Even the berries in Venice are romantic. Romance wasn't in the grand canal that sweeps through the middle of the city, full of the bustle of ships and luxurious palaces, but rather in the tiny alleyways. The small canals crisscross the city and lead to wonderful bridges. That must have been it for me, the linking bridges holding old sunken pilings together. I only had two days in the city but with the remarkable absence of cars, the winding narrow walkways felt quite comfortable. Even if I was lost several times.

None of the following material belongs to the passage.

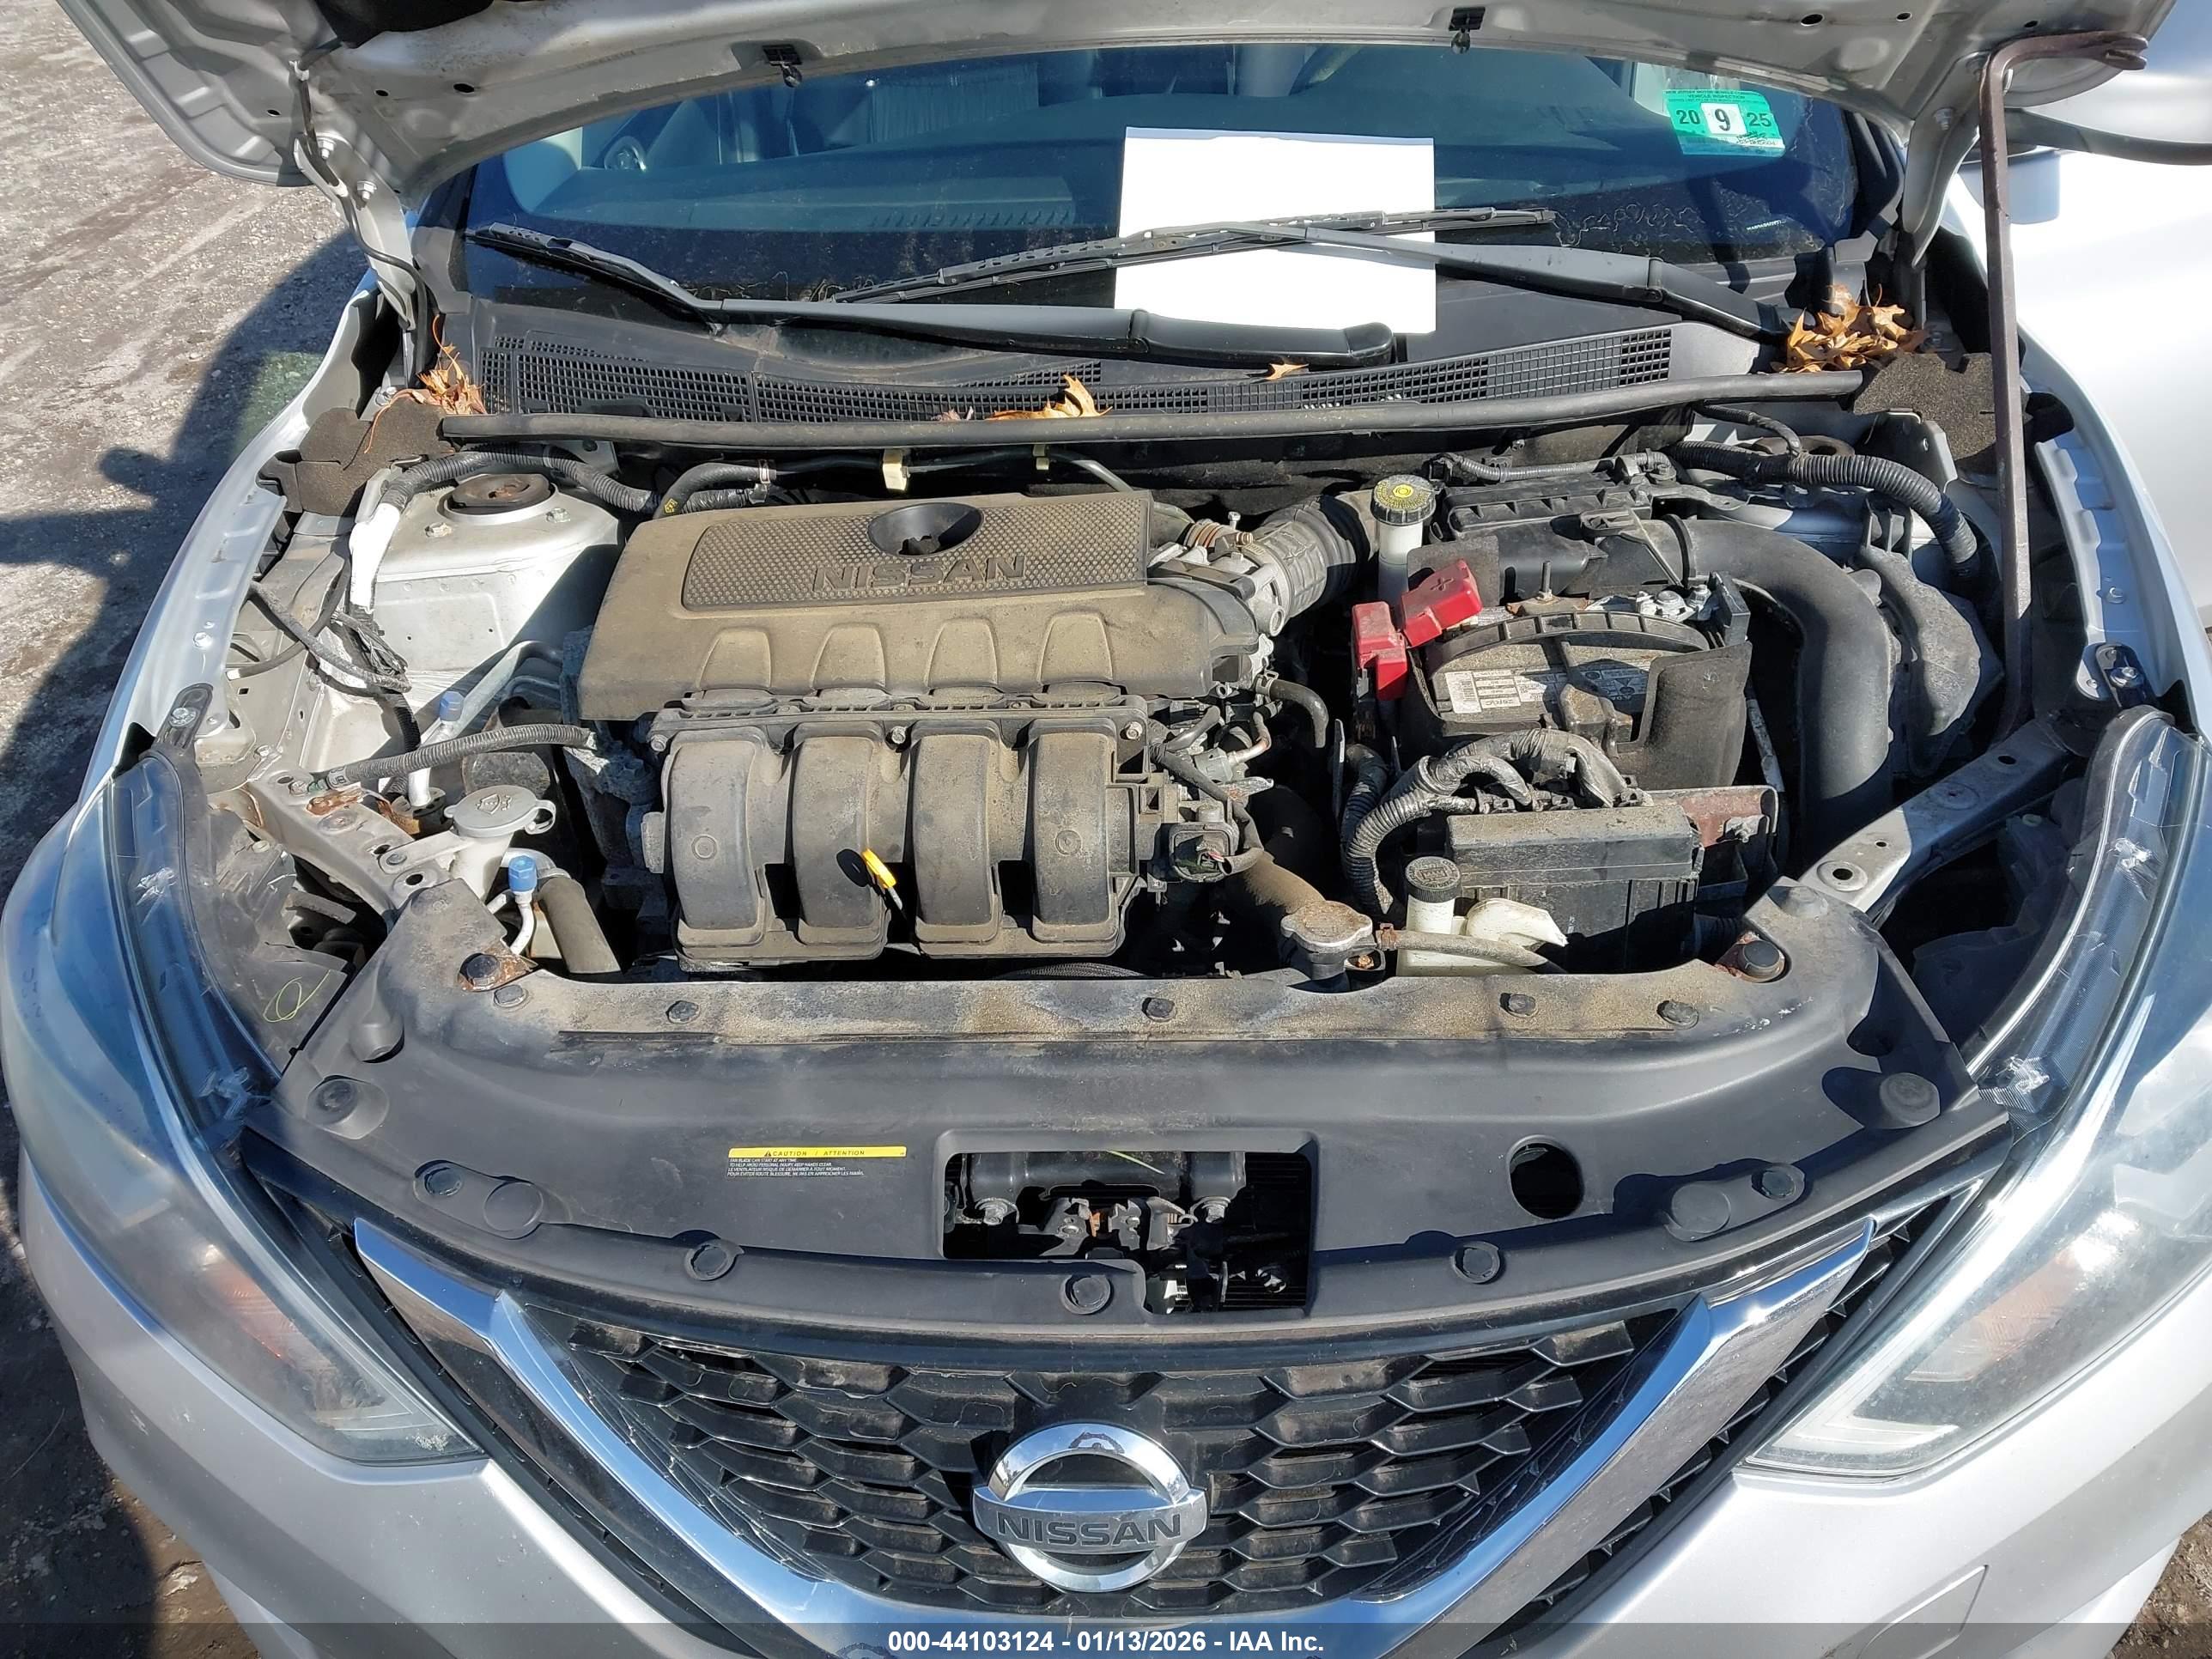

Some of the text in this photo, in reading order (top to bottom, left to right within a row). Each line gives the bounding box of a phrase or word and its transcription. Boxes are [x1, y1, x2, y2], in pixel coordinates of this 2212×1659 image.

[1676, 108, 1771, 131] 20 9 25
[812, 554, 1026, 592] NISSAN
[996, 1511, 1182, 1547] NISSAN
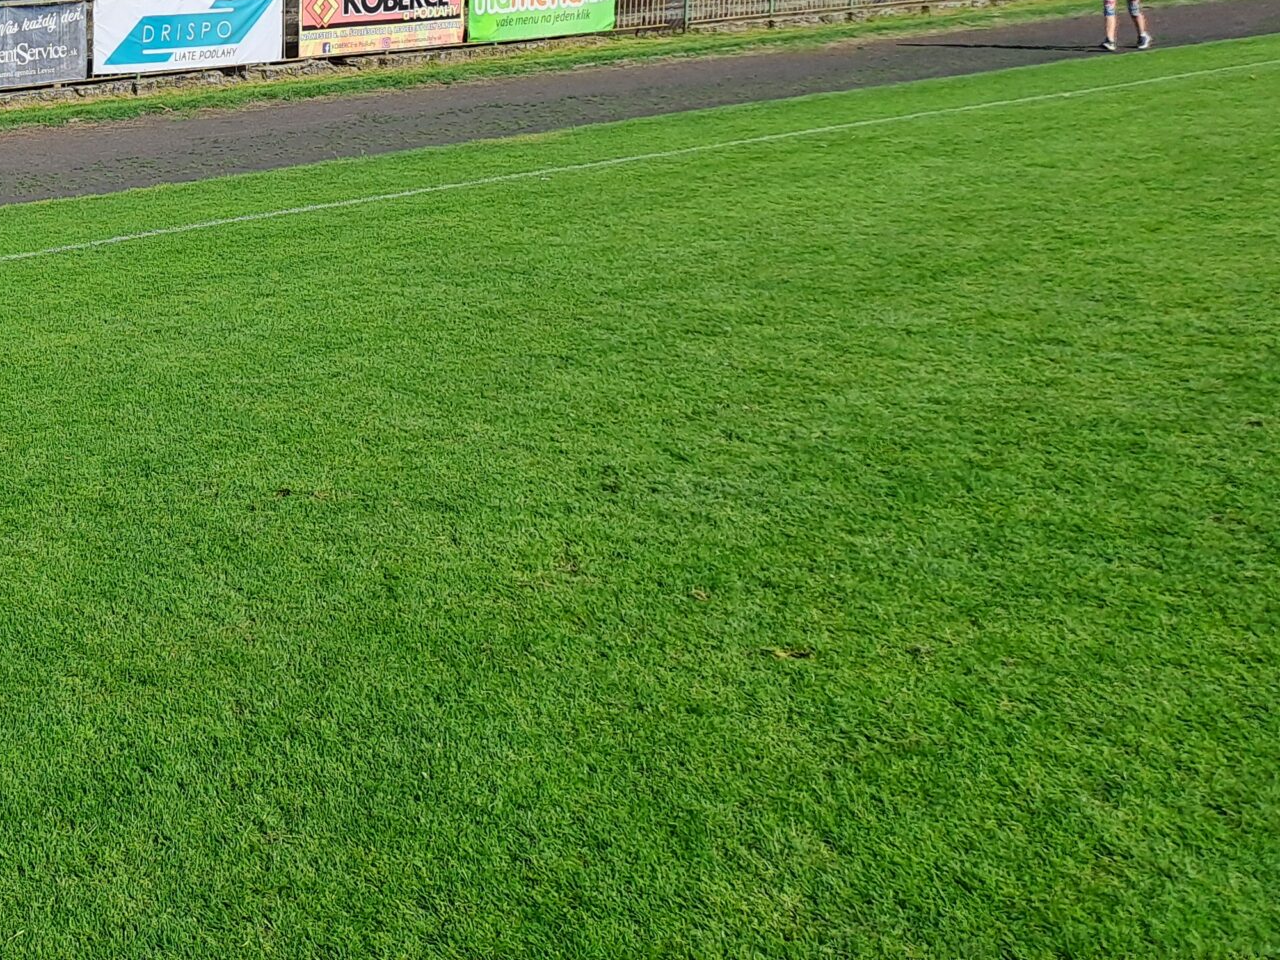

Watching the gondoliers with their gondolas was better than any single ride with just one. Only a few were under 35 years old. They could all be 13 though, making stupid jokes between each other, barking and singing happily from their posts on the back of the boats. I found their physiques to be quite peculiar. They all shared a shape of a very strong trapezoid in the torso, broad very wide shoulders and strong arms, but then nearly always an unabashed beer belly.
There is of course the Cathedral, and the palaces of so many rich merchants to admire, but the little bits of Venice in the corners were truly worth admiring. While walking around with my new travel friend Marsh we found a council home for stray cats in front of a church. They were all a bit wild, laying calmly until approached, then hissing and spitting.
But thanks to Marsh talking me into going, the real art show we saw was the Venice Biennale. Happening every two years, each participating country is given the time and space to exhibit their greatest new artist or artistic team. Marsh and I are standing inside the Japanese Pavilion in the middle of teleco-soup by Tabaimo. This piece was one of my favorites. Great Britain had a remarkable exhibit as well, a full scale installation within their pavilion of a crumbling abandoned house. There was no centerpiece, but the feeling of queerness crept slowly behind as we crouched under low ceilings and stumbled through a maze filled with other visitors.